**Exercise directions:**
Send each entry back exactly as given, pictures excluded.

Segment Open

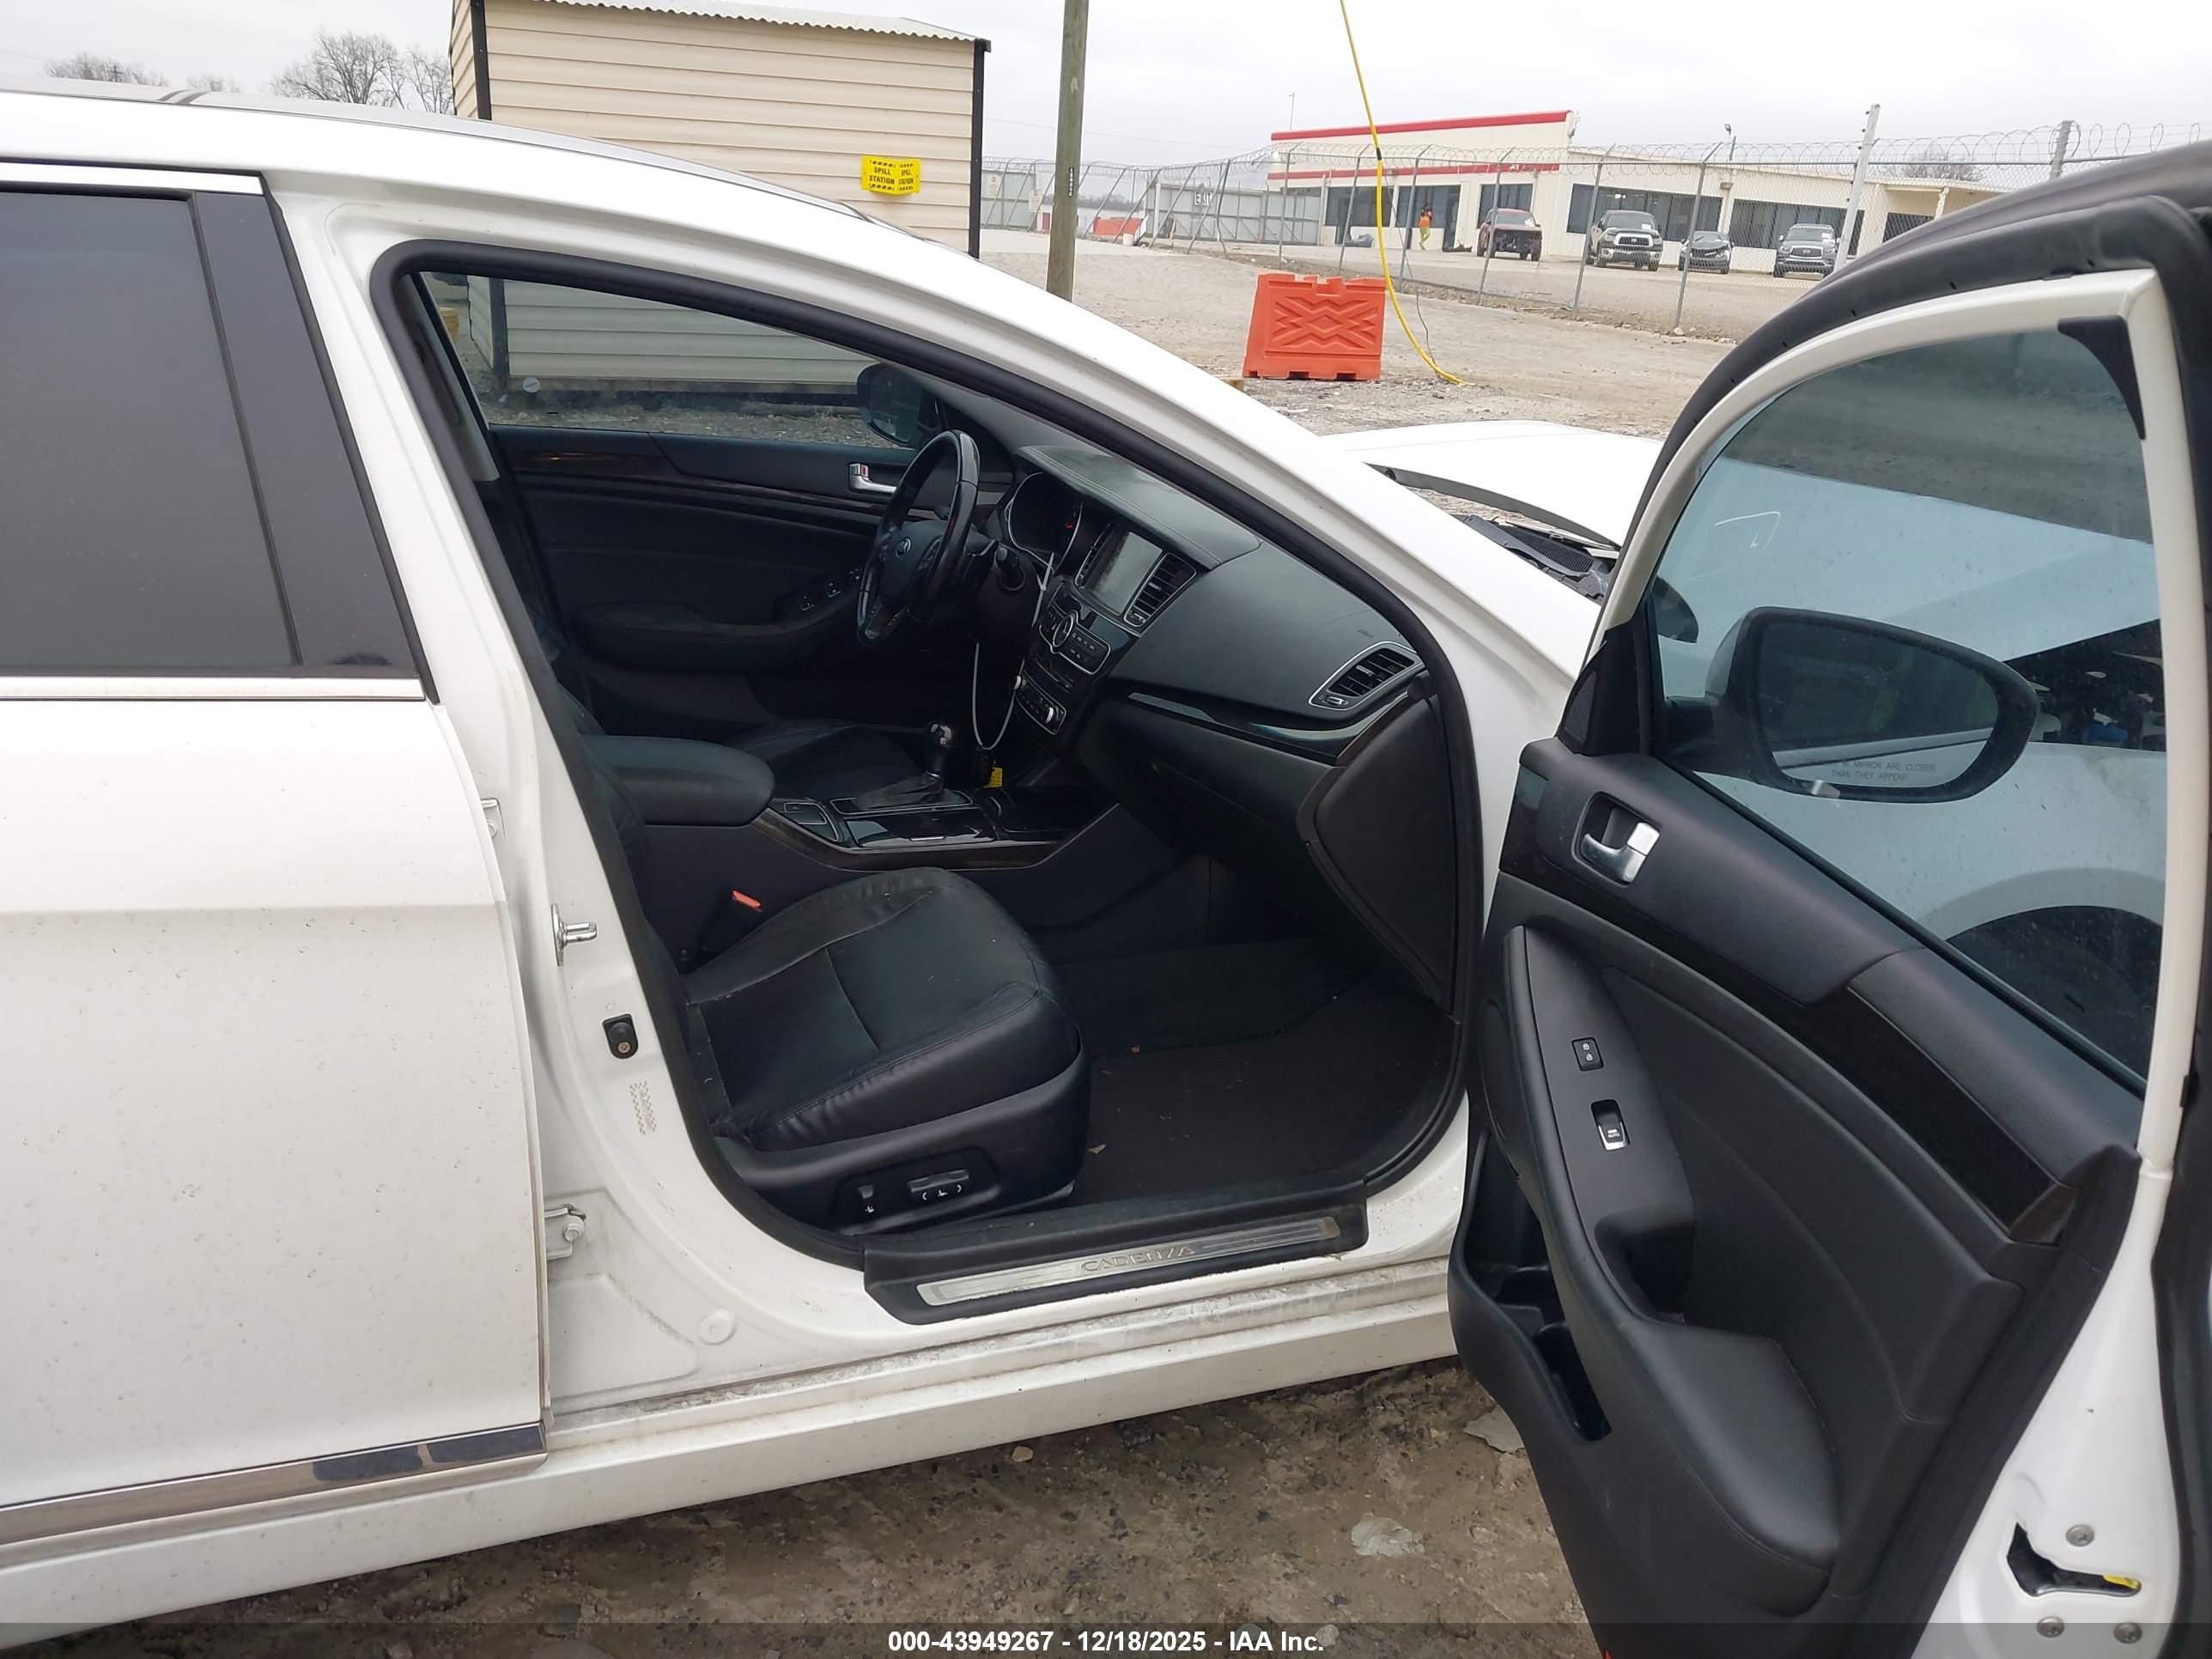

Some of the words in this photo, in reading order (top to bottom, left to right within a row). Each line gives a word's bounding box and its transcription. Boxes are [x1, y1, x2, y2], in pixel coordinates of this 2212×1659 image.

[874, 167, 891, 175] SPILL
[869, 175, 895, 185] STATION
[1195, 191, 1212, 205] EXIT
[1081, 1245, 1195, 1272] CADENZA

Segment Closed

**Exercise solution:**
Some of the words in this photo, in reading order (top to bottom, left to right within a row). Each line gives a word's bounding box and its transcription. Boxes are [x1, y1, x2, y2], in pixel coordinates of this 2212×1659 image.

[874, 167, 891, 175] SPILL
[869, 175, 895, 185] STATION
[1195, 191, 1212, 205] EXIT
[1081, 1245, 1195, 1272] CADENZA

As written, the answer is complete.